Beni : Une Journée nationale de l’enseignement sous le signe de la détresse et de la méditation
Ce jeudi 30 avril, la commémoration de la Journée nationale de l’enseignement à Beni n’avait rien d’une célébration. Entre insécurité grandissante et précarité salariale, les professionnels de la craie ont troqué les festivités pour un cri d’alarme, dénonçant un quotidien devenu insoutenable.
Dans les rues de Beni, l’ambiance était lourde ce jeudi. Loin des défilés et des réjouissances habituelles, les enseignants du secteur public ont marqué cette journée par une expression profonde d’inquiétude. Dans cette région meurtrie par les attaques incessantes des rebelles ADF, l’école n’est plus un sanctuaire.
Les déplacements massifs de populations et l’insécurité persistante perturbent gravement le calendrier scolaire, plaçant les enseignants dans une vulnérabilité extrême.
Au défi sécuritaire s’ajoute une crise sociale aiguë. Le retard de paiement des salaires du mois d’avril a été la goutte d’eau qui a fait déborder le vase de la frustration. Pour Ghislain Bambirikire, secrétaire permanent du Syndicat national des enseignants du Congo (SYECO) à Beni, le gouvernement ne respecte pas ses engagements.
« Nous déplorons le non-respect des accords de Bibwa », a-t-il déclaré.

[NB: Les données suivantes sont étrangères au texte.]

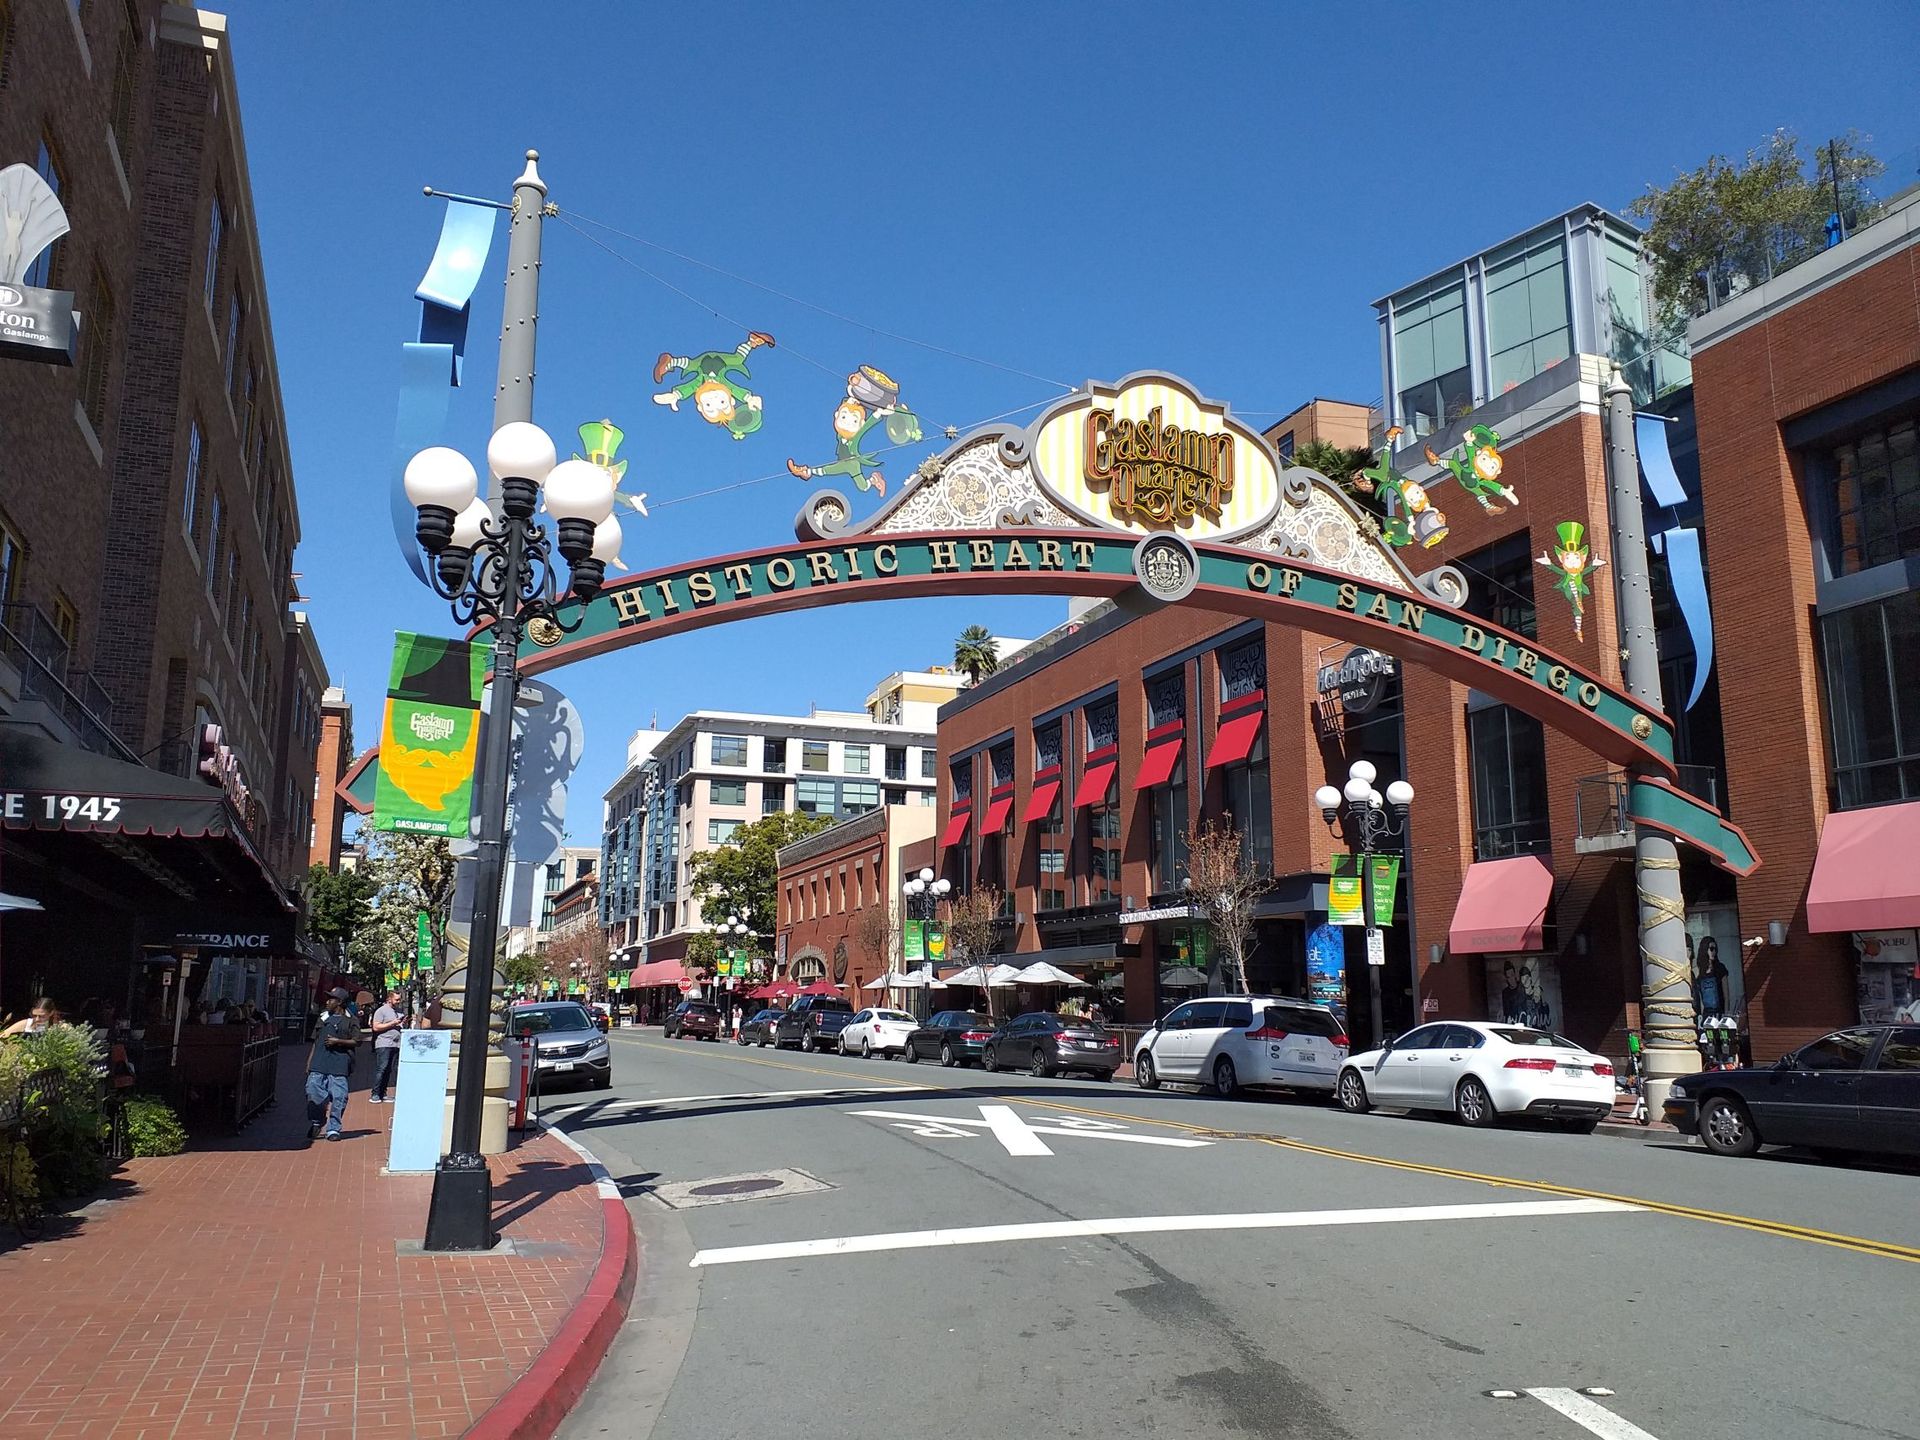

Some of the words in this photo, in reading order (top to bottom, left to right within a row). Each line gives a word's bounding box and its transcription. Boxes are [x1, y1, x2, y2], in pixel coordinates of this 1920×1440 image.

[1086, 405, 1235, 516] Gaslamp
[1112, 462, 1213, 523] Quarter
[610, 544, 899, 622] HISTORIC
[928, 539, 1095, 569] HEART
[1247, 562, 1302, 594] OF
[1337, 583, 1427, 629] SAN
[1459, 624, 1600, 707] DIEGO
[410, 712, 454, 740] Gaslamp
[41, 795, 121, 821] 1945
[395, 820, 448, 832] GASLAMP.ORG

Il déplore en outre, l’absence de majoration salariale, le blocage du dossier des « nouvelles unités » et l’inefficacité criante de la mutuelle de santé. Malgré les cotisations prélevées, les soins de santé restent inaccessibles pour beaucoup, tandis que les retraités finissent souvent leur vie dans l’indigence, sans jamais toucher leurs indemnités de sortie.
Faute de moyens et de cœur à la fête, c’est dans la spiritualité que de nombreux enseignants ont cherché refuge. Un culte d’action de grâce a été organisé à la 8e CEPAC centrale de Beni. Ce moment de recueillement a été présenté comme une opportunité de méditer sur l’avenir d’un système éducatif congolais en péril
Si le tableau peint ce jeudi est sombre, l’espoir d’un changement durable reste le seul moteur de ces « sacrifiés » de la République. À Beni, l’enseignement ne demande plus des hommages, mais des actes concrets pour garantir la dignité de ceux qui façonnent la jeunesse du pays.